1998 Nov;55(5):827-831.
Incidence and Significance of Periampullary divertucula at Endoscopic retrograde cholangiopancreatography
- Affiliations
-
- 1Department of Internal Medicine, Ewha Womans University College of Medicine, Seoul, Korea.
Abstract
OBJECTIVES
Diverticula on the second part of the duodenum have a 1-5% incidence in barium studies reports. They
have been associated to : choledocholithiasis, biliary dysfunction, acute pancreatitis, diverticulitis, duodencolic fistula,
bleeding, malabsorption, and bowel obstruction. With forward viewing endoscope diverticula are not easy to see but with
side viewing scope are commonly seen and widely accepted as a cause of difficult cannulation and/or sphinterotomy. The
purpose of this study is to determine the incidence of periampullary diverticula and to see whether our results are in
accordance wtih above statements included in difficult cannulation and/or sphincterotomy at endoscopic retropgrade
cholangiography (ERCP) in retrospectively examine our own series. Also to examine their association with biliary and
pancreatic diease.
PATIENTS AND METHODS
Three hundred and thirty one consecutive ERCP reports were reviewed with special
reference to the following : sex, age, presence of duodenal diverticula, difficulty of cannulation and/or sphinterotomy.
RESULTS
Seventy-nine patients (24%) had one or more periampullary diverticula. Age and sex made no difference.
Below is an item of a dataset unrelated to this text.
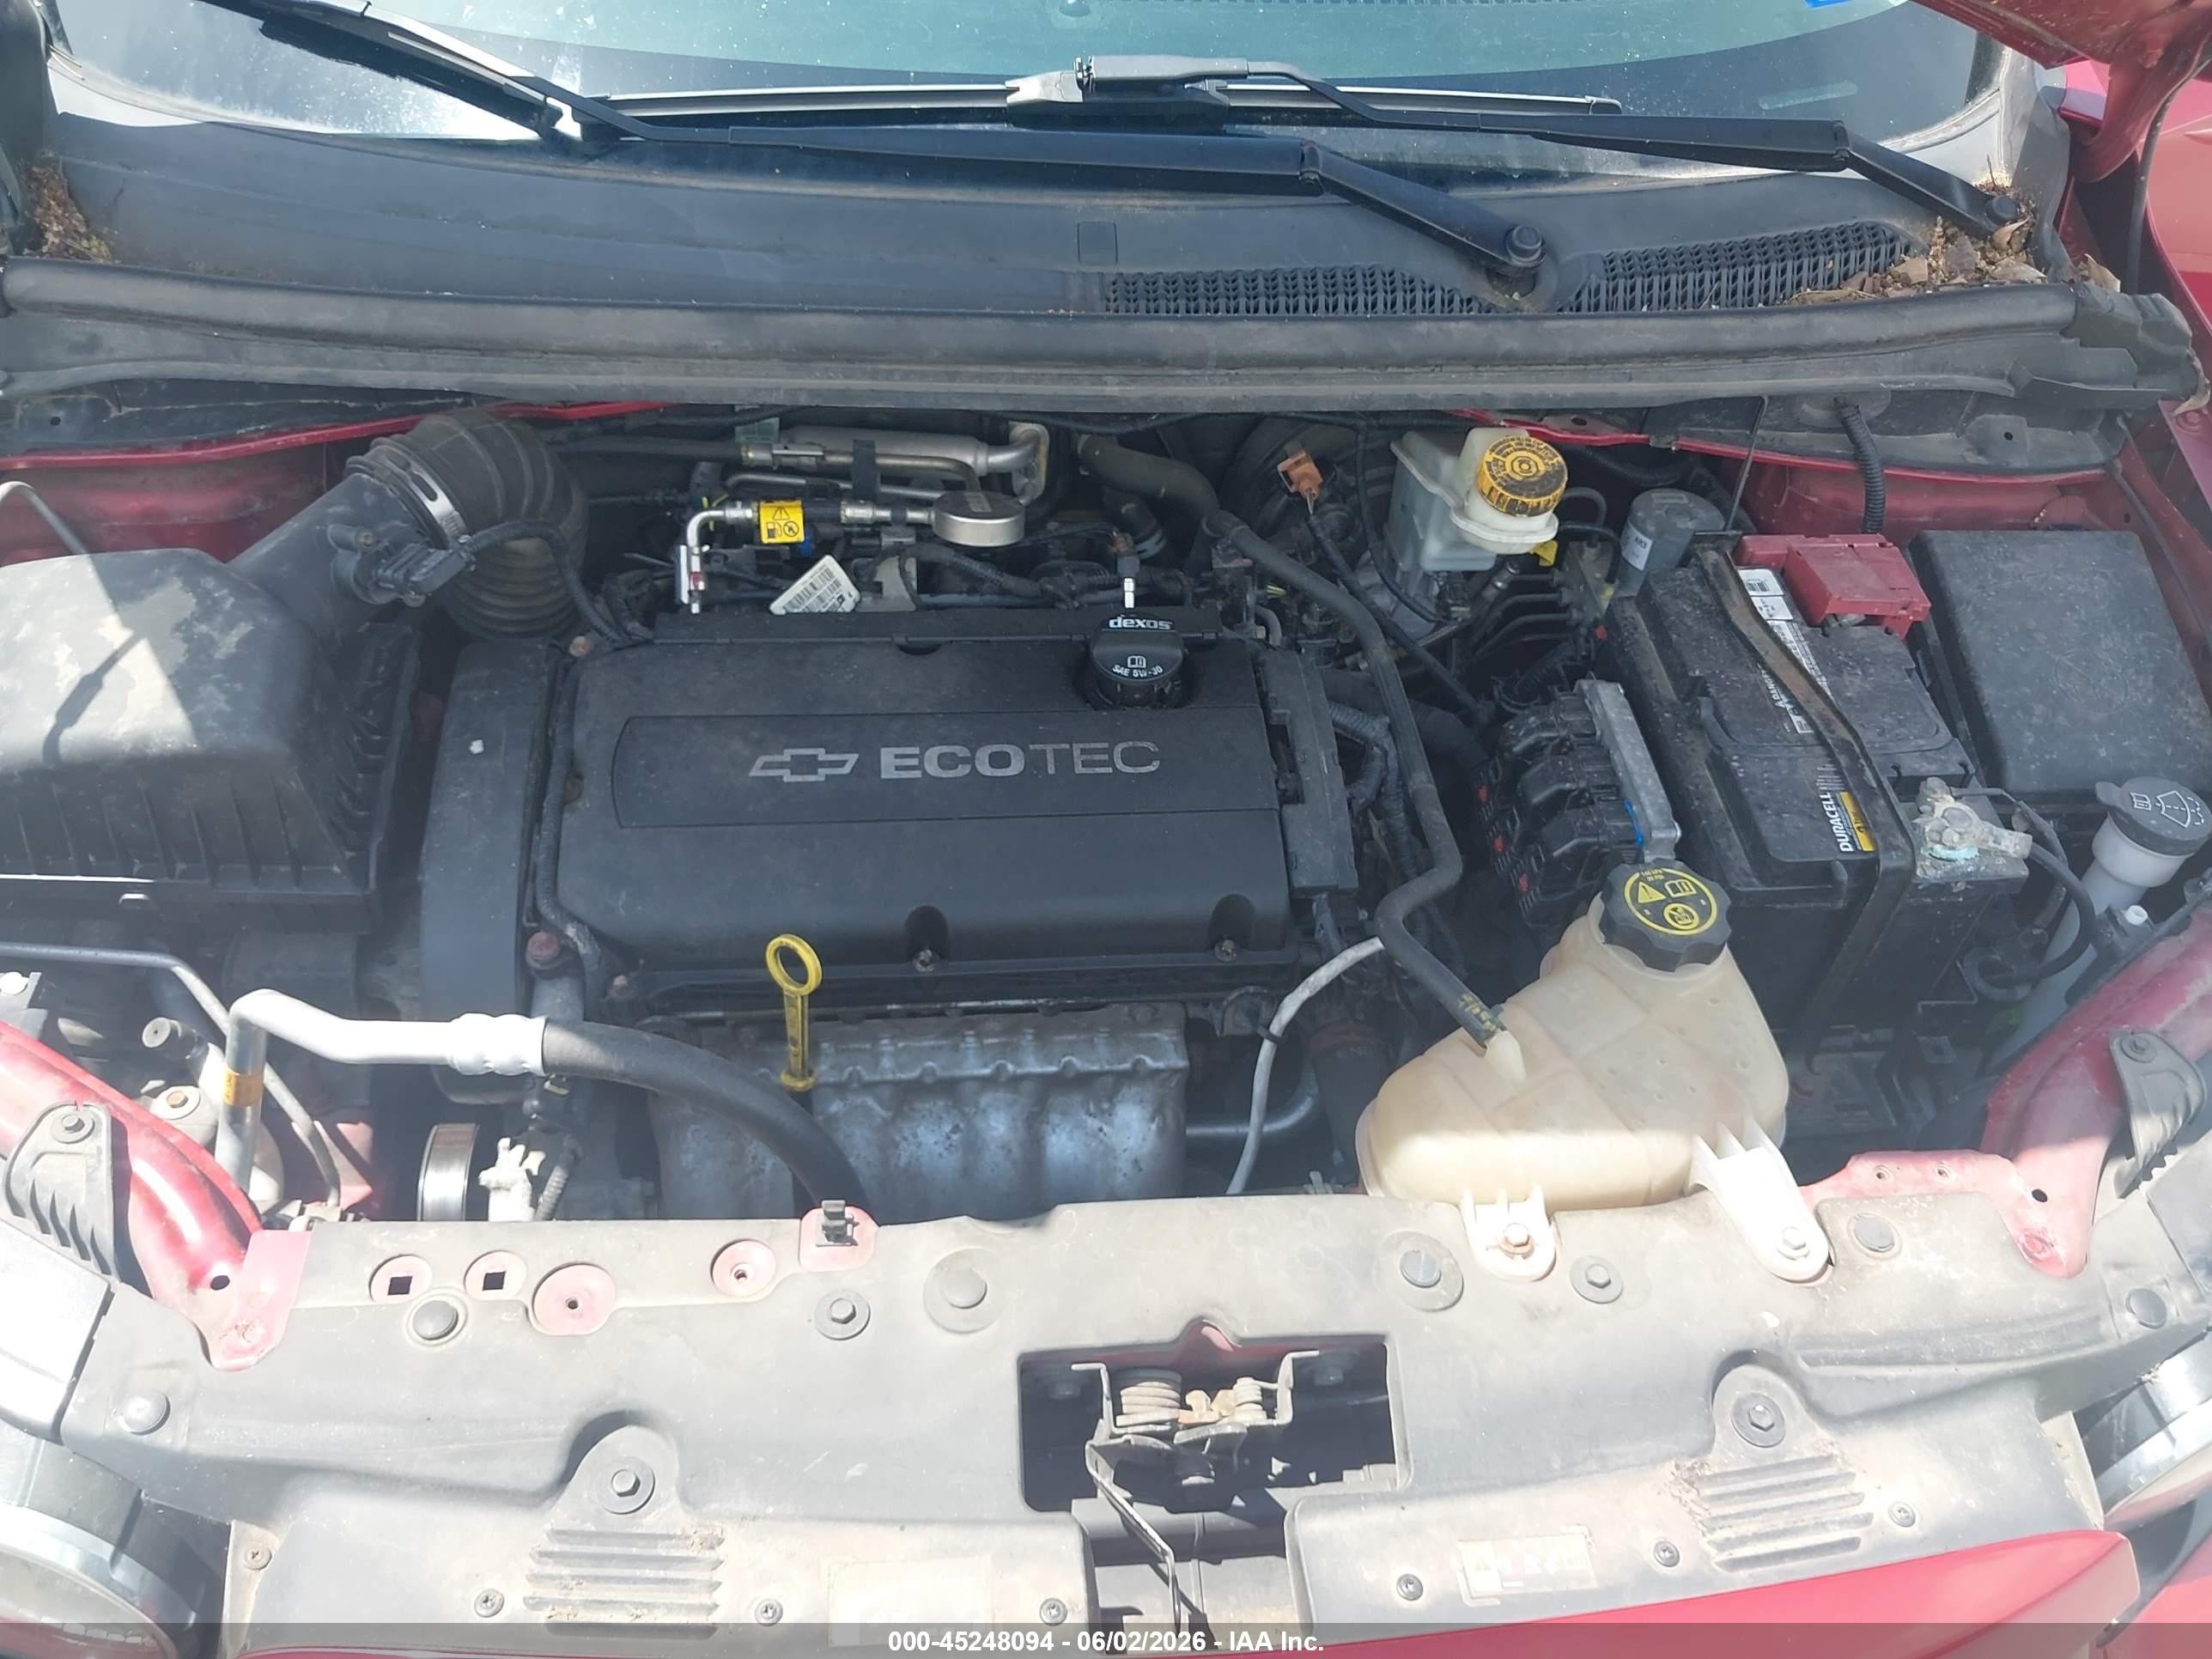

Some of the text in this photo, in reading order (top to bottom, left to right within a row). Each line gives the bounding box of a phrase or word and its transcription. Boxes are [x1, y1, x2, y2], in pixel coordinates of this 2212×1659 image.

Thirty-two (10.3%) had a difficult or unsuccessful cannulation and only five of those patients (1.6%) had periampullary
diverticulum (p<0.001). But the failure rate of large sphincterotomy was more common in patient with periampullary
diverticum (73.5%) than without diverticulum (24.6%) (p<0.001). The disease of the patients who had diverticulum,
gallstone is the most frequent incidence (77.2%). Diverticulum was more frequently found in choledocholithiasis
patients (45.3%) than studied patients (24%).
CONCLUSION
Periampullary diverticula are a common finding during ERCP and less likely to cause a unsuccessful
cannulation, but the cause of unsuccessful sphincteromy.